Holy buckets I love that show. The transformation of Mal’s moral ambiguity is as an exciting adventure as any, and I love the irony of Inara’s Companionship being so “respectable.” The faith fascinates me, I gotta say, and the Tam siblings are total keystone. S’like, “alsdjfasdlfadlkfjadlkfj” every time I pop those discs in.

But I digress.

Now it is 10:18 PM. And I have let two Youtube videos distract me twice, not to mention my family. Three Days Grace is on, there’s a watermelon jolly rancher in my mouth, my word document is calling for me, my book bemoans my absence, and the half-done novella is still waiting.

Perhaps I seem unproductive. “You just watched TV all day and ate party food.”
To that I say, “I did not! I only had two cupcakes!”
“Still,” you counter. “Doesn’t sound like you did much at all, does it?”
“Ah,” I reply. “But look. I was there at church, noticing appeals and tracking purpose. On my walk I fiddled with a story, as we did during the birthday party. And hey, Splash and Firefly? Um, I think you could say I gave them some pretty undivided attention during the day. Sounds busy enough to me.”

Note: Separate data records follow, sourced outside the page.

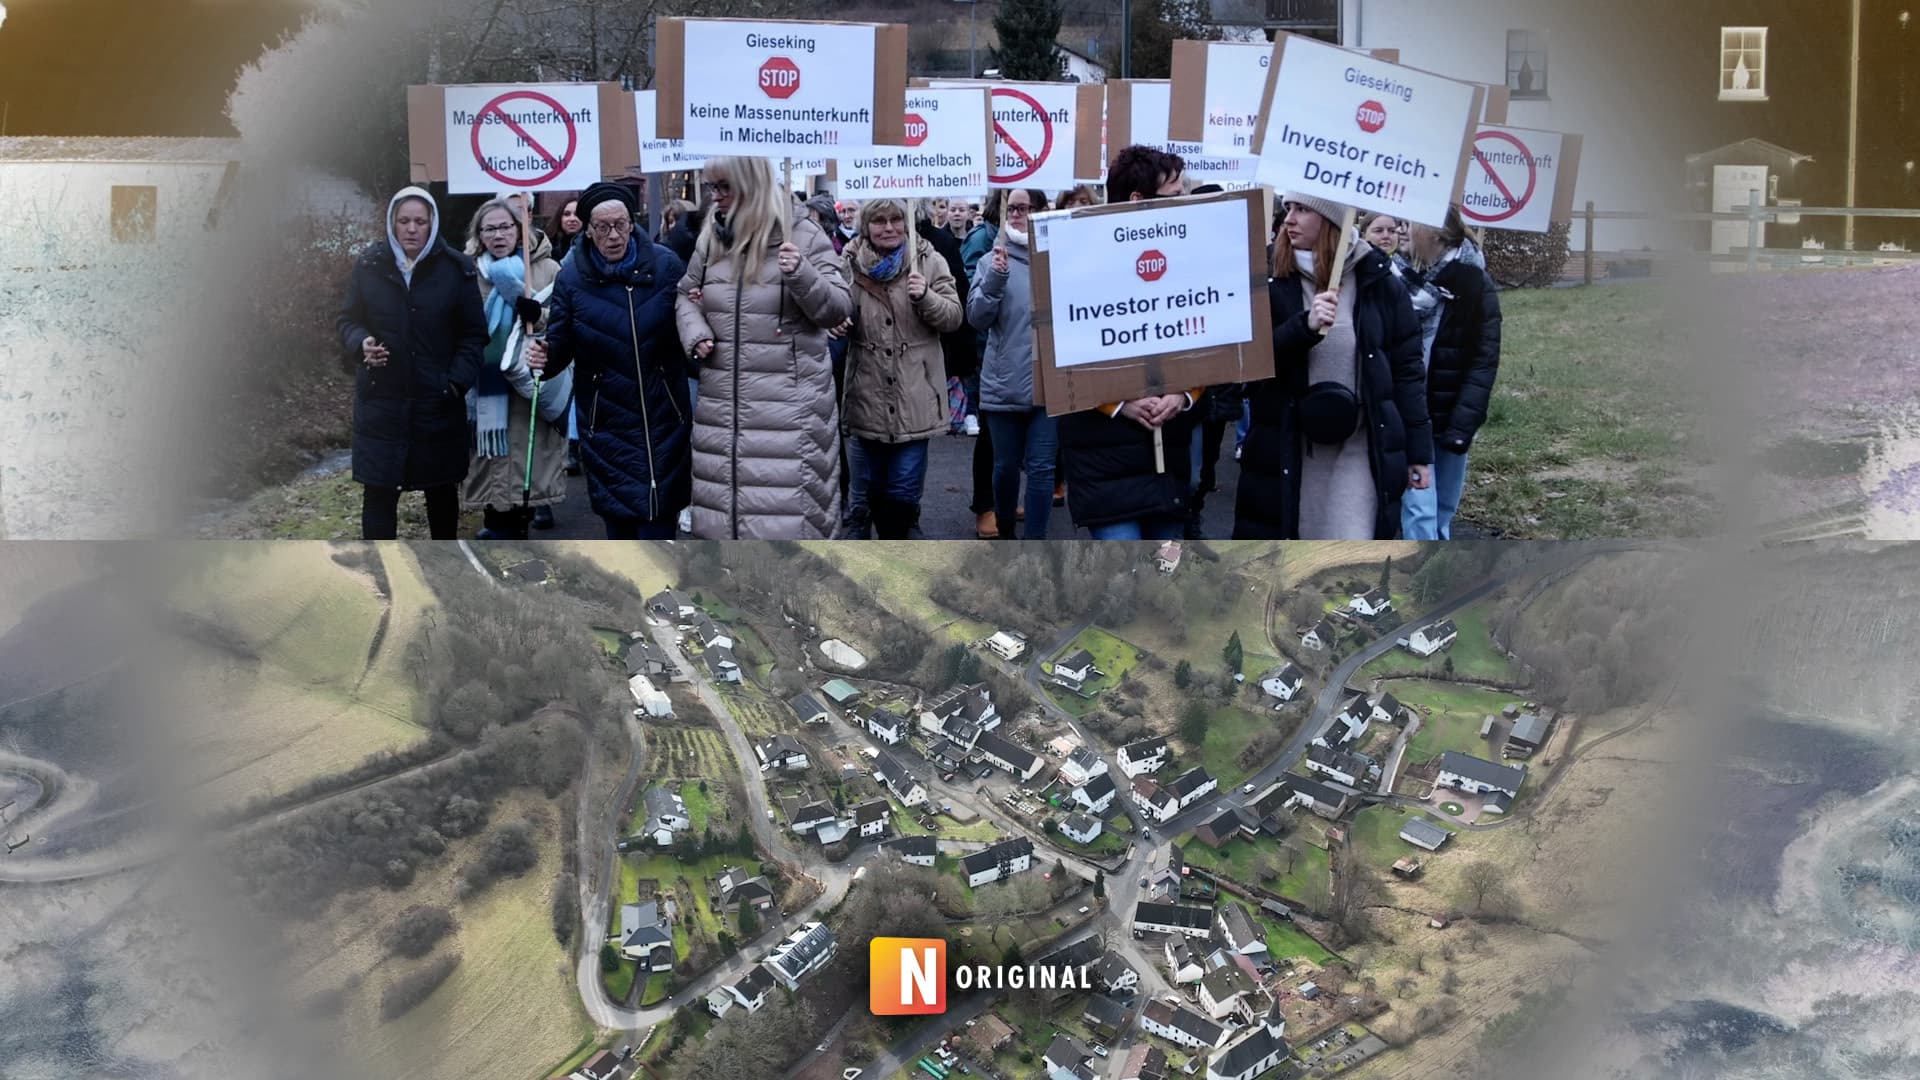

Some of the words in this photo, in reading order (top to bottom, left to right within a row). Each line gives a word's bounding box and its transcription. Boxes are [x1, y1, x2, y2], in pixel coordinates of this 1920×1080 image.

[746, 34, 815, 53] Gieseking
[761, 69, 798, 87] STOP
[1344, 67, 1413, 102] Gieseking
[453, 108, 592, 126] Massenunterkunft
[690, 103, 730, 119] keine
[735, 104, 869, 123] Massenunterkunft
[1209, 112, 1243, 127] keine
[1357, 107, 1386, 126] STOP
[517, 137, 531, 148] in
[642, 140, 667, 150] keine
[720, 127, 733, 142] in
[738, 128, 838, 145] Michelbach!!!
[1233, 134, 1245, 147] in
[662, 153, 671, 163] in
[897, 153, 972, 167] Michelbach
[1281, 124, 1370, 163] Investor
[1375, 152, 1426, 178] reich
[480, 155, 568, 171] Michelbach
[845, 175, 869, 190] soll
[872, 175, 924, 189] Zukunft
[928, 173, 981, 188] haben!!!
[1304, 161, 1352, 189] Dorf
[1356, 174, 1406, 203] tot!!!
[1113, 222, 1187, 243] Gieseking
[1137, 258, 1165, 274] STOP
[1068, 296, 1160, 322] Investor
[1167, 286, 1220, 310] reich
[1101, 323, 1149, 347] Dorf
[1155, 315, 1206, 340] tot!!!

See, there’s something about stories. Literature. Movies, plays, books, musicals, dramas—they’re inescapable. I did spend a lot of time wandering today. Can’t say it was the best time ever spent. But I wandered, and I watched.

And that’s why I’m writing.

There is going to be a day when it is going to be 12:01 AM, I’m tired, and it’s a school night to boot. And I’ll be here, editing a blog post anyway. Because I must. To read is to breathe. To write is to live. There are nuances to discover, on the page and in my life, and I hope to capture them here as best I can. Rob is supposed to be helping, but that guy—well, you’ll have to read his own writings to get to know him proper.

I’m still awake. It’s 10:41 PM. And I think: I could still start that book, if I wanted. Not everyone is into this kind of thing. High adventure. Highlighters. Connections. Heroes and demons. Archetypes. Sexy villains. Symbolism and crap. But I am.

So, prepare yourselves: it begins now.